Search code examples
microservicespublish-subscribegoogle-cloud-pubsub

Micro services and PubSub: how to make sure a service consumes the right events


I have a microservices architecture for an app. I have a service S1 that can fetch data and store it somewhere. Then 2 services, S2 and S3, both running very different ML tasks. When S2 or S3 need data, they publish a message to the PubSub on a topic called fetch_request. The service that fetches data continiously pulls from this topic, fetches the data. When it finishes a task, it publishes a message on a topic called "fetch_done" to let the service that made the request know that the data has been fetched.

My question is: how to make sure S2 and S3 don't consume messages from "fetch_done" that they were not supposed to consume ? I thought about solutions but I'm not sure:

  • may be when trying to pull from "fetch_done" I could add a filter to only pull message if they contain a UUID that I would have written in the initial request message ? This way, you can only pull a message if you know the ID. Of course the service that fetches data will then need to put the id in the response.

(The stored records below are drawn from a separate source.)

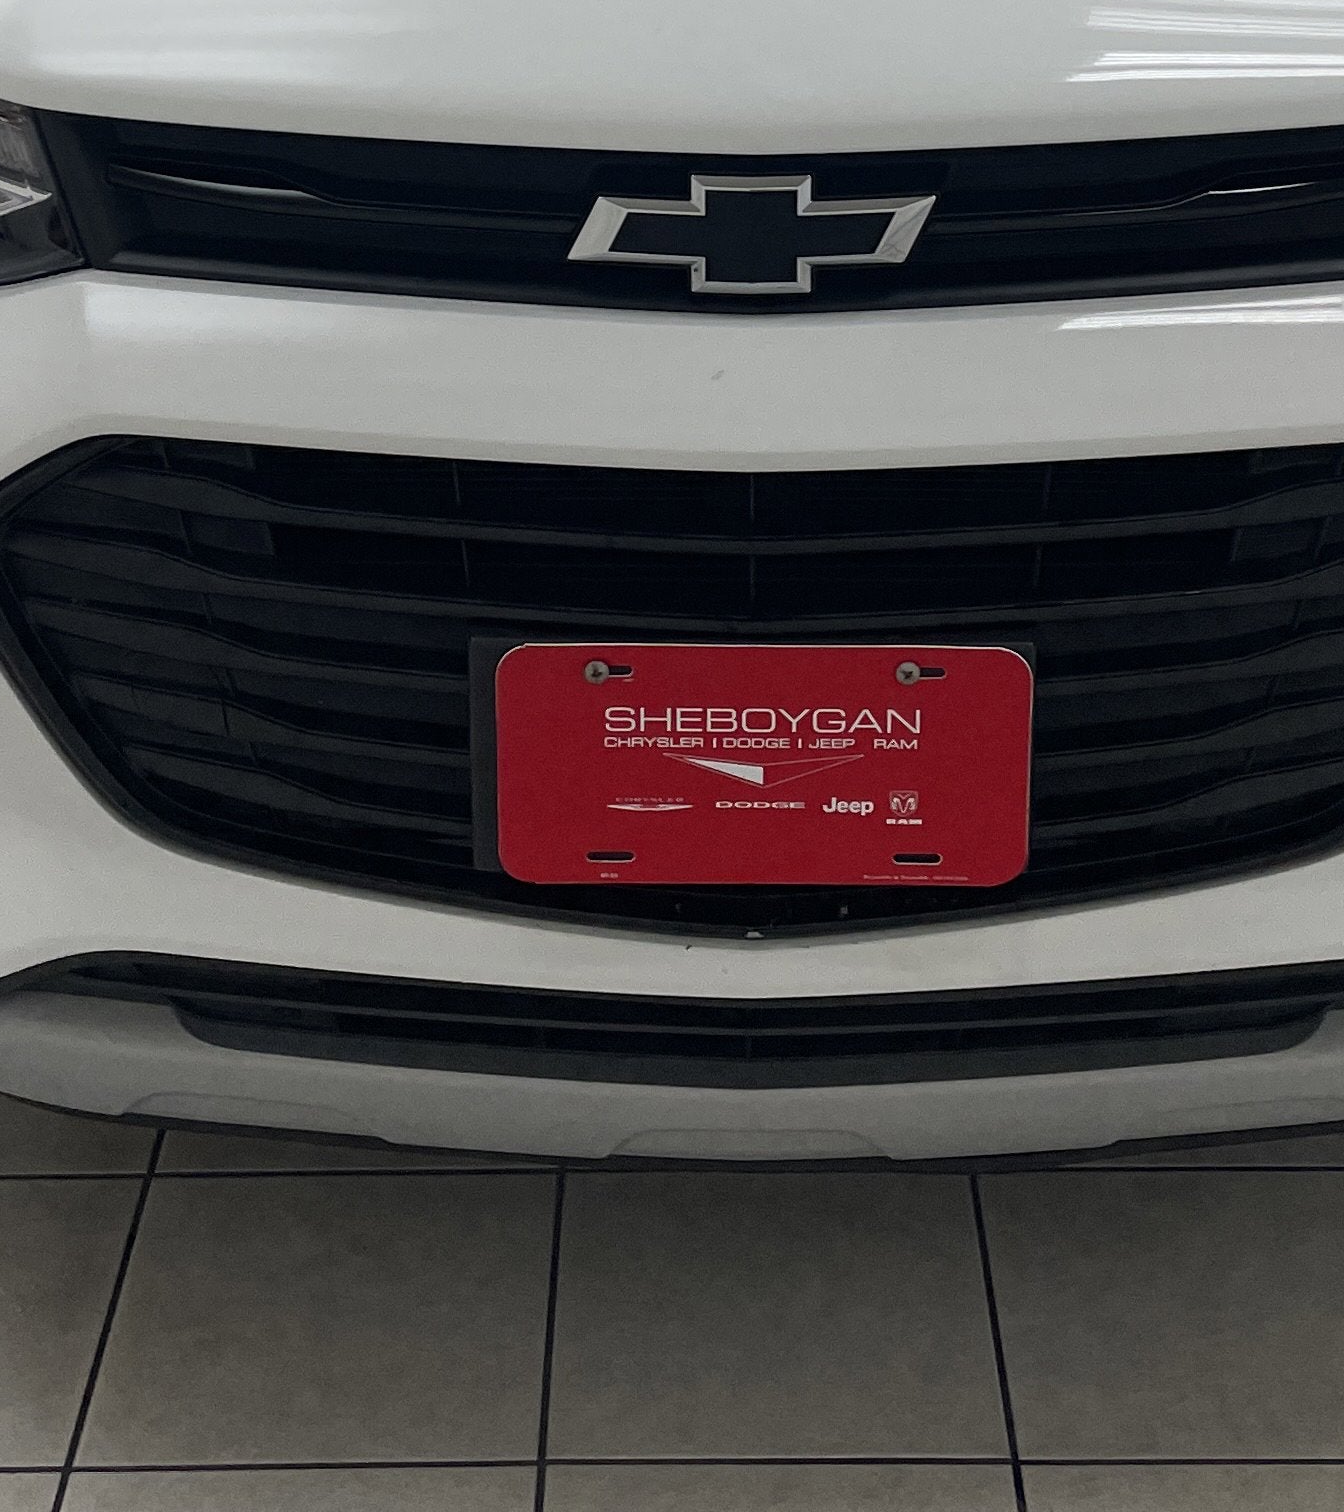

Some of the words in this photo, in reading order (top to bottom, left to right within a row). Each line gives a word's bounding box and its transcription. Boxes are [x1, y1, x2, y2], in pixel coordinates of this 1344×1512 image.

[604, 706, 921, 734] SHEBOYGAN
[604, 736, 704, 748] CHRYSLER
[722, 737, 791, 749] DODGE
[808, 738, 856, 749] JEEP
[873, 738, 918, 750] RAM
[715, 800, 806, 809] DODGE
[822, 796, 875, 816] Jeep
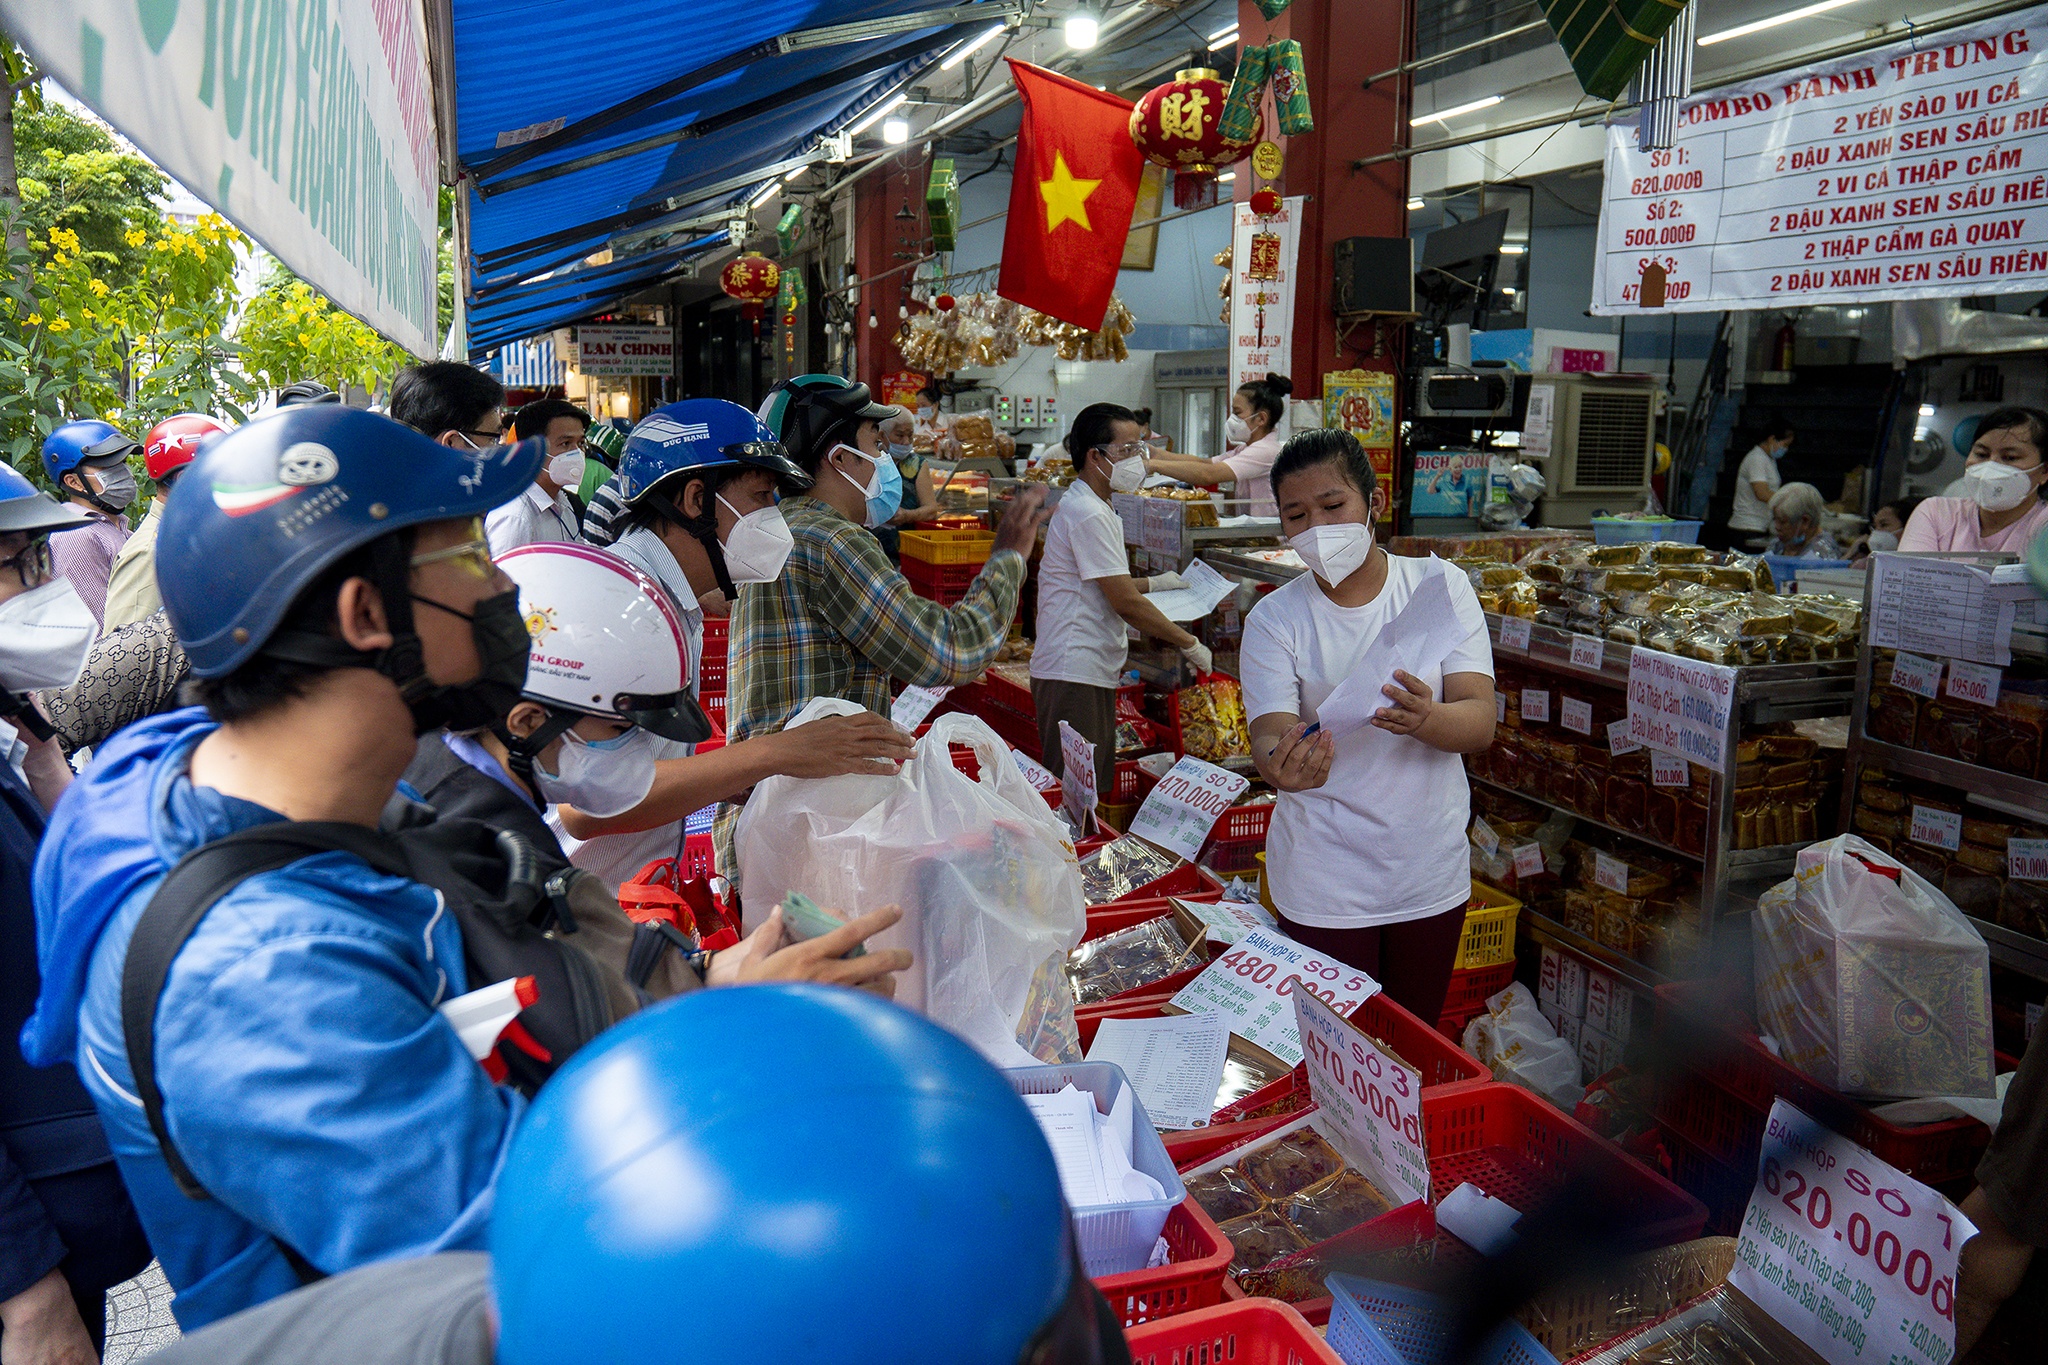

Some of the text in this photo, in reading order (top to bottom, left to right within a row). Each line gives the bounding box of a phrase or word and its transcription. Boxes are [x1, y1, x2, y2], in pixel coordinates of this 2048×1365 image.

  • Kinda the same idea, but may be just add the name of the requesting service in the initial request instead of an id ? The problem with this one is that eventually, a service could impersonate another service if I'm correct, and as I probably won't be the sole developer of every service in the app, I think the UUID is a better idea.

  • Something obvious I completely missed ?


Solution

  • There is several patterns that you can implement. IMO it's better to have 1 subscription per service. Like that, the S1 post a message in a topic and the message is duplicated in each subscription.

    Now, you can:

    • Put an attributes in the message send by S2/S3 and received by S1. According to this attribute, S1 post in the topic for S2 or in the topic for S3. I don't really like this solution because there is too much responsibility on the S1 service side
    • Put an attributes in the message send by S2/S3 and received by S1. This time, the S1 simply mirror the attribute in the message sent in response in the only one topic. When you create the S2 and S3 subscription, you add a filter to received only the message with the corresponding attribute. Like this, for example, only the message for S2 are filtered and delivered in the S2 subscription.
    • Put an attributes in the message send by S2/S3 and received by S1. This information is mirrored in the body or in the attribute of the messages by the S1 service when it's posted. No filter on the PubSub subscription, the S2 and S3 service received all the message and checks on their side if the message is for them (and continue the processing) or not (and trash the message -> Ack correctly but do nothing).

    In any case, because the communication is async you need a element to distinguish the correct receiver of the messages. The 2nd solution, with the pubsub filter is the most efficient (I think).